Troublesome novices twin sisters, Bella and Rogella, beguile a young priest. One sister and the priest go missing. But which one? What’s going on here?
All throughout the flood waters threaten lives and property.
Add to this, Hubert is stricken by some sort of burden, refusing to see anyone. Hildegard confronts him and is treated coldly as though by a stranger. His men at arms and Hildegard’s are worried.
The Prioress has told Hildegard that she’s considering naming Hildegard her successor. What of the unspoken plans hinted at between Hildegard and Hubert, lord abbot of Meaux, not so long ago?
A wonderful medieval novel replete with intrigue and conflict, including in the ordinary lives of those within the church, still struggling with their humanity.
A Severn House ARC via NetGalley.
Many thanks to the author and publisher.
Please note: Quotes taken from an advanced reading copy maybe subject to change
1394 and the weather around Meaux is wet. Flood waters are encroaching on the arable land and it is predicted to only get worse. Hildegard is tasked with maintaining discipline over some unruly novices but her work is halted when in short succession a stranger arrives claiming to be chased by an assassin and then a member of the workforce from the priory is found murdered. As the weather closes in, can Hildegard get justice.

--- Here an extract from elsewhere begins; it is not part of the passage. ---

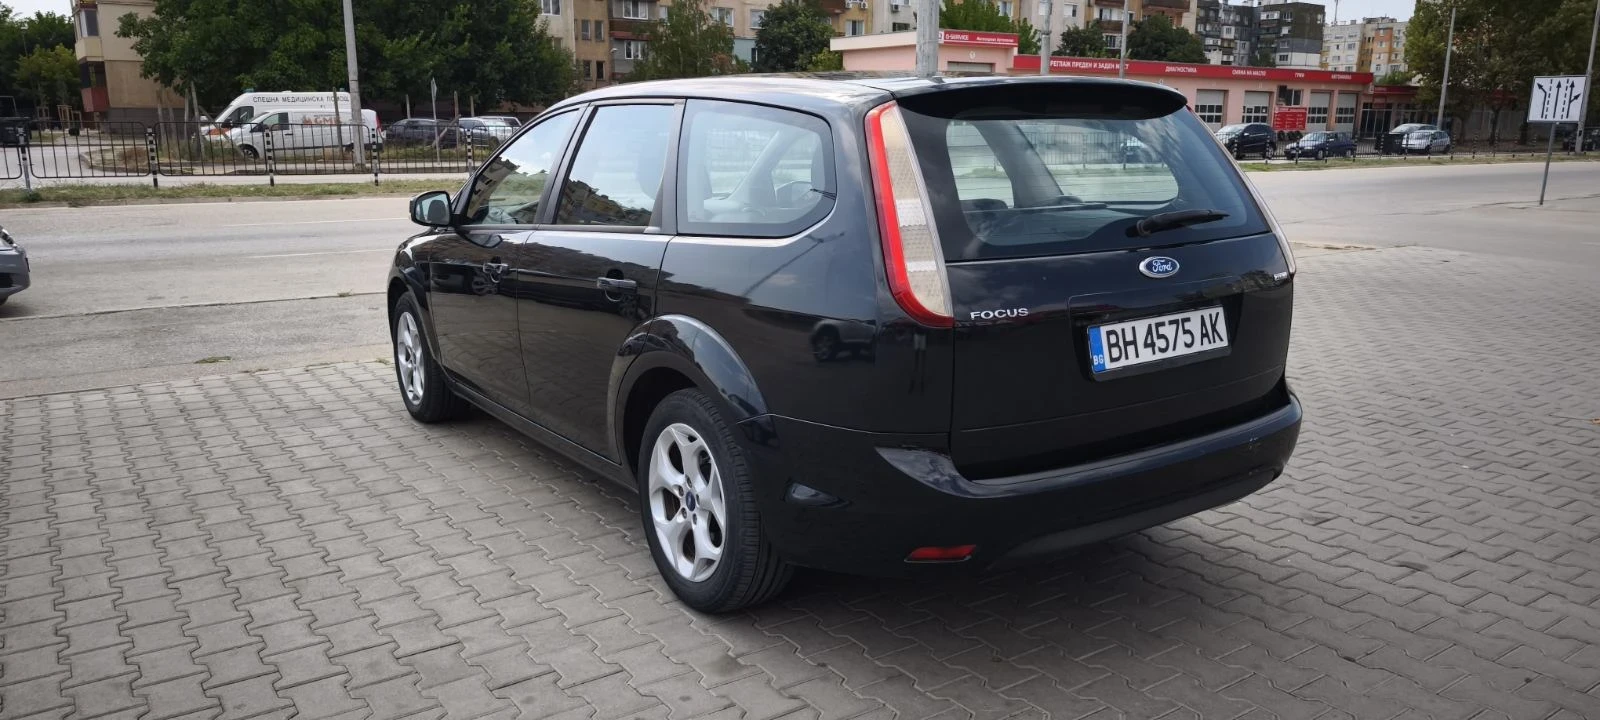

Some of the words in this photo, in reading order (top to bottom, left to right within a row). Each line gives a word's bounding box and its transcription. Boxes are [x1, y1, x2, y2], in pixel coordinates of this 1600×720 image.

This appears to the be the final volume in what has been a solid and entertaining series. The research is excellent and generally the plots are strong enough in a crowded genre. I have to admit that the on/off state of Hildegard's 'love life' is somewhat annoying (should she even have one?) but it appears settled here. I did love the idea of the setting being a area that was dangerously flooded, a nice twist.
I have greatly enjoyed over the last few years the dark and compelling world of Cassandra Clark's medieval mysteries set in and around Swyne Priory and featuring Hidelgard of Meaux and a brilliant cast of exquisitely drawn characters.
It's 1394 and while the political shenanigans of the House of Lancaster are threatening the fragile reign of Richard II, rising flood waters and a vicious killer are threatening the peace of the religious community.
A captivating whodunit full of greed, lust and death blessed with intricately realized characters and settings that give it a vivid, almost cinematic quality.
With its dark and violent plot that definitely echoes the harshness of England’s politics at the end of the 14th century, this smart and adrenaline-fueled medieval thriller was a marvellous read from start to finish!
Many thanks to Severn House and Netgalley for this terrific ARC.